Evaluation of a spatially resolved forest fire smoke model for population-based epidemiologic exposure assessment

• Published in: Journal of exposure science & environmental epidemiology Vol. 26; no. 3; pp. 233 - 240
• Main Authors: Yao, Jiayun, Eyamie, Jeff, Henderson, Sarah B
• Format: Journal Article
• Language: English
• Published: New York Nature Publishing Group US 01.05.2016; Nature Publishing Group
• Subjects: 692/699/75; 692/700/478/174; 704/158/2451; 704/158/2465; Air pollution; British Columbia; Canada; Distribution; Environmental aspects; Environmental Exposure; Epidemiology; Fires; Forest fires; Forests; Health aspects; Health risks; Measurement; Medicine; Medicine & Public Health; Office Visits; Original; original-article; Particles; Particulate matter; Particulate Matter - toxicity; Poisson Distribution; Risk factors; Smoke; Smoke inhalation injuries; Canada; particulate matter; epidemiology; modeling; respiratory effects; forest fire smoke; cardiovascular effects
• ISSN: 1559-0631; 1559-064X
• DOI: 10.1038/jes.2014.67

Exposure to forest fire smoke (FFS) is associated with multiple adverse health effects, mostly respiratory.
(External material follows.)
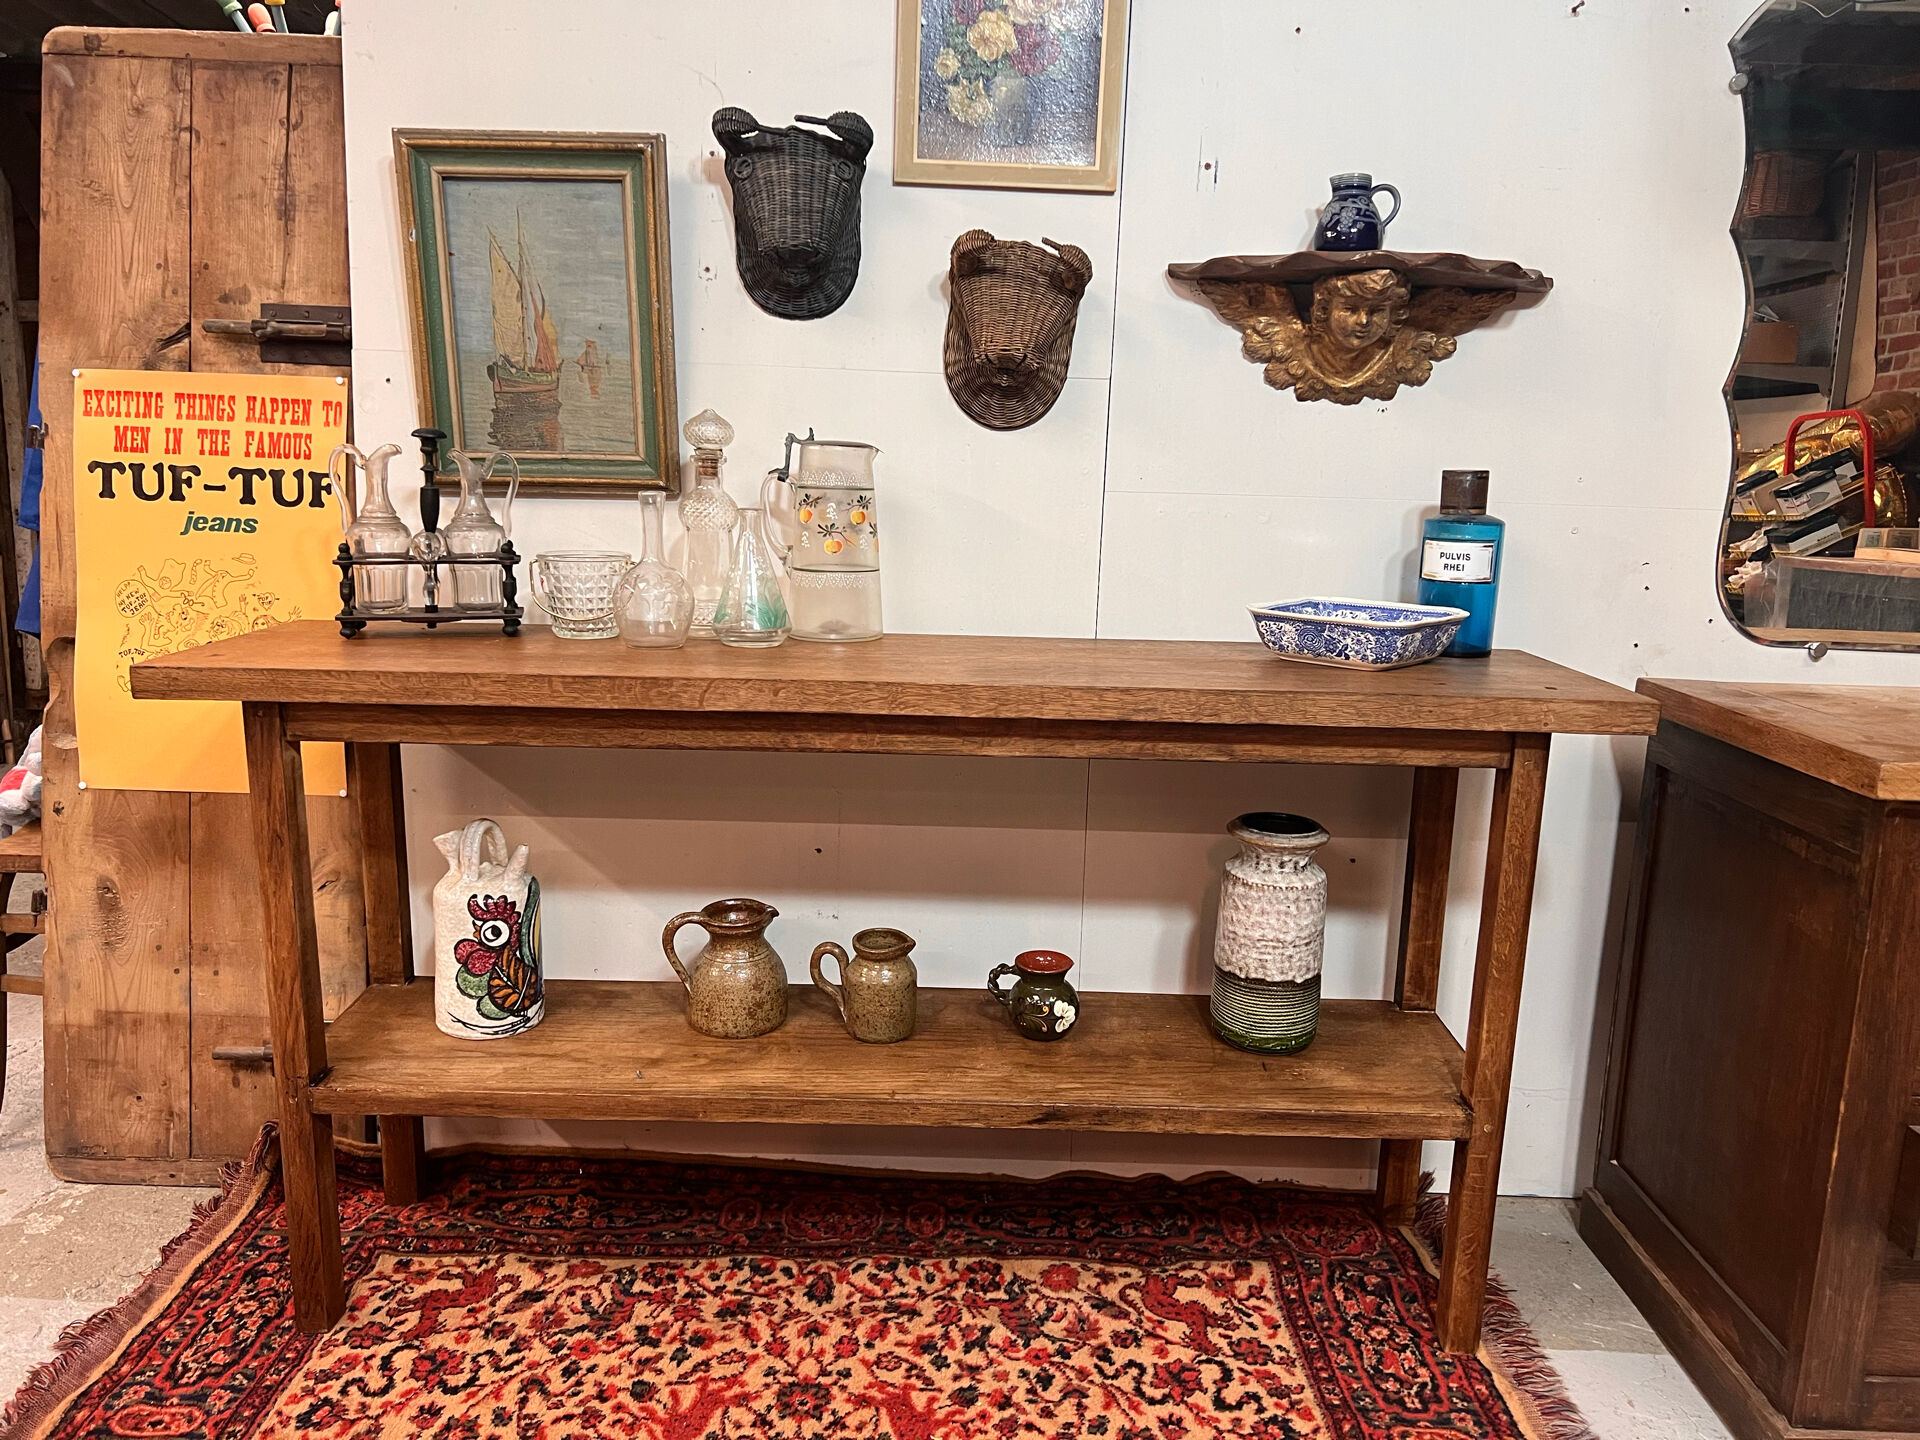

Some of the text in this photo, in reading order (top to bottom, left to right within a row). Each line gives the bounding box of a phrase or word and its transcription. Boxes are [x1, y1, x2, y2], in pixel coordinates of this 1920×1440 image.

Findings for cardiovascular effects have been inconsistent, possibly related to the limitations of conventional methods to assess FFS exposure. In previous work, we developed an empirical model to estimate smoke-related fine particulate matter (PM 2.5 ) for all populated areas in British Columbia (BC), Canada. Here, we evaluate the utility of our model by comparing epidemiologic associations between modeled and measured PM 2.5 . For each local health area (LHA), we used Poisson regression to estimate the effects of PM 2.5 estimates and measurements on counts of medication dispensations and outpatient physician visits. We then used meta-regression to estimate the overall effects. A 10  μ g/m 3 increase in modeled PM 2.5 was associated with increased sabutamol dispensations (RR=1.04, 95% CI 1.03–1.06), and physician visits for asthma (1.06, 1.04–1.08), COPD (1.02, 1.00–1.03), lower respiratory infections (1.03, 1.00–1.05), and otitis media (1.05, 1.03–1.07), all comparable to measured PM 2.5 . Effects on cardiovascular outcomes were only significant using model estimates in all LHAs during extreme fire days. This suggests that the exposure model is a promising tool for increasing the power of epidemiologic studies to detect the health effects of FFS via improved spatial coverage and resolution.